Para lo anterior, el LARSF trabaja en conjunto con la Procuraduría Federal de Protección al Ambiente (Profepa), que mediante sus inspectores atiende las denuncias presentadas por ciudadanos, por el gobierno de algún estado de la República, por la Comisión Nacional Forestal o cualquier otra institución que detecte un predio o producto boscoso que pueda tener indicios de plaga.

"Cuando los inspectores detectan en el territorio nacional alguna plaga o enfermedad que puede representar riesgo, envían una muestra al LARSF, éste identifica al parásito y determina si es una plaga sin importancia económica productiva o si es una plaga de importancia cuarentenaria, es decir, que representa algún riesgo por ser externa a México. De ser así, se pone en marcha un operativo local y nacional para aislar a la plaga y evitar la dispersión", expresó García.

Pero como las plagas también pueden entrar a nuestro país mediante objetos de importación derivados de la madera, inspectores de Profepa se encuentran en los puntos fronterizos y vigilando que los productos no contengan algún bicho u hongo que pueda resultar dañino para el ecosistema forestal mexicano.

Si los inspectores de Profepa detectan en un punto de frontera algún organismo que represente una amenaza, se envía inmediatamente una muestra al LARSF; no importa si está vivo o muerto. El laboratorio determina si es un insecto que se encuentra ya en nuestro país, lo cual no representa ningún problema, o si es de naturaleza cuarentenaria; en este caso se le exige al importador que devuelva la mercancía al país de origen o la incinere; pero en la mayoría de los casos solo se da un simple tratamiento preventivo y se permite la introducción de la mercancía por no representar ningún peligro. Por lo general el procedimiento no suele llevar más de siete días.

El director general recalcó que el laboratorio y su función no son conocidos porque, "gracias a Dios", no ha existido un problema realmente grave que lo dé a conocer.

De 2008 a la fecha, el LARSF ha atendido 489 muestras que han sido detectadas en los puntos de ingreso al país; de las cuales solo en 40 por ciento se ha dictaminado rechazo o incineración por representar un peligro. Los puntos fronterizos de donde se han recibido más muestras en el mismo periodo son los puertos de Manzanillo, Lázaro Cárdenas, Tampico y Veracruz, así como las fronteras de Piedras Negras, Nuevo Laredo y Tijuana.

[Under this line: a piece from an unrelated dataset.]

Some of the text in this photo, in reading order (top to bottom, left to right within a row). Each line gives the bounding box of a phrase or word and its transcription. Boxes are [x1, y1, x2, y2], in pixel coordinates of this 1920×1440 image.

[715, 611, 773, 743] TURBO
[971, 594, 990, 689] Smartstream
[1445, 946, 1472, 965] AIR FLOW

Los principales países de donde provienen los productos contaminados son: Estados Unidos, con 49%; India, con 8.2%, y China, con 7.2%. Les siguen Perú, Indonesia y Chile, con 6.5%, 6.1% y 4.1%, respectivamente.

Asimismo, los productos forestales en los que se realizan las detecciones más frecuentes son: árboles de Navidad, embalajes de madera y madera aserrada.

Labor del LARSF

Se encarga de emitir análisis de riesgo cuando un país desea importar un producto determinado: de dónde viene, qué tipo de plagas y enfermedades puede tener, dictaminan la gravedad o flexibilidad para importarlo.

En el laboratorio se cuenta con una colección de todas las muestras de plaga que ha recibido (aproximadamente 25 mil). Estos están catalogados y en frascos llenos de alcohol.

Además, en una base de datos se encuentran las características de la especie, su fotografía y el país al que pertenecen. El director, Francisco García, adelantó que próximamente saldrá una publicación “que casi está lista” con estos datos.